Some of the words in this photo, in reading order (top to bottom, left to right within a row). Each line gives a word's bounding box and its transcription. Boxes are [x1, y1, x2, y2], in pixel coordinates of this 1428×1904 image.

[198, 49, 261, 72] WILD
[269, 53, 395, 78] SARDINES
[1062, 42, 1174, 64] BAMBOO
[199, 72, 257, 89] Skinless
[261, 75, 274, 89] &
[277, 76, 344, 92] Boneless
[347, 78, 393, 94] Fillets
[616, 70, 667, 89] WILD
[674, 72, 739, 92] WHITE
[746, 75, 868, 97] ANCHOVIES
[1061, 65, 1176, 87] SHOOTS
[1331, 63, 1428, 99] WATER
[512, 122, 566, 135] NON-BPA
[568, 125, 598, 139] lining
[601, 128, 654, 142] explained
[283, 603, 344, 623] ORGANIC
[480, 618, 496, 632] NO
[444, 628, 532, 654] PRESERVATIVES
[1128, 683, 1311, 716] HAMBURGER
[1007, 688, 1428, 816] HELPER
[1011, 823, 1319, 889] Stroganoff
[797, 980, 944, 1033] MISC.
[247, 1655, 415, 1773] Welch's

#####

> _Problem requirements_
Everything in the records above should be written out again exactly.

> _Worked solution_
Some of the words in this photo, in reading order (top to bottom, left to right within a row). Each line gives a word's bounding box and its transcription. Boxes are [x1, y1, x2, y2], in pixel coordinates of this 1428×1904 image.

[198, 49, 261, 72] WILD
[269, 53, 395, 78] SARDINES
[1062, 42, 1174, 64] BAMBOO
[199, 72, 257, 89] Skinless
[261, 75, 274, 89] &
[277, 76, 344, 92] Boneless
[347, 78, 393, 94] Fillets
[616, 70, 667, 89] WILD
[674, 72, 739, 92] WHITE
[746, 75, 868, 97] ANCHOVIES
[1061, 65, 1176, 87] SHOOTS
[1331, 63, 1428, 99] WATER
[512, 122, 566, 135] NON-BPA
[568, 125, 598, 139] lining
[601, 128, 654, 142] explained
[283, 603, 344, 623] ORGANIC
[480, 618, 496, 632] NO
[444, 628, 532, 654] PRESERVATIVES
[1128, 683, 1311, 716] HAMBURGER
[1007, 688, 1428, 816] HELPER
[1011, 823, 1319, 889] Stroganoff
[797, 980, 944, 1033] MISC.
[247, 1655, 415, 1773] Welch's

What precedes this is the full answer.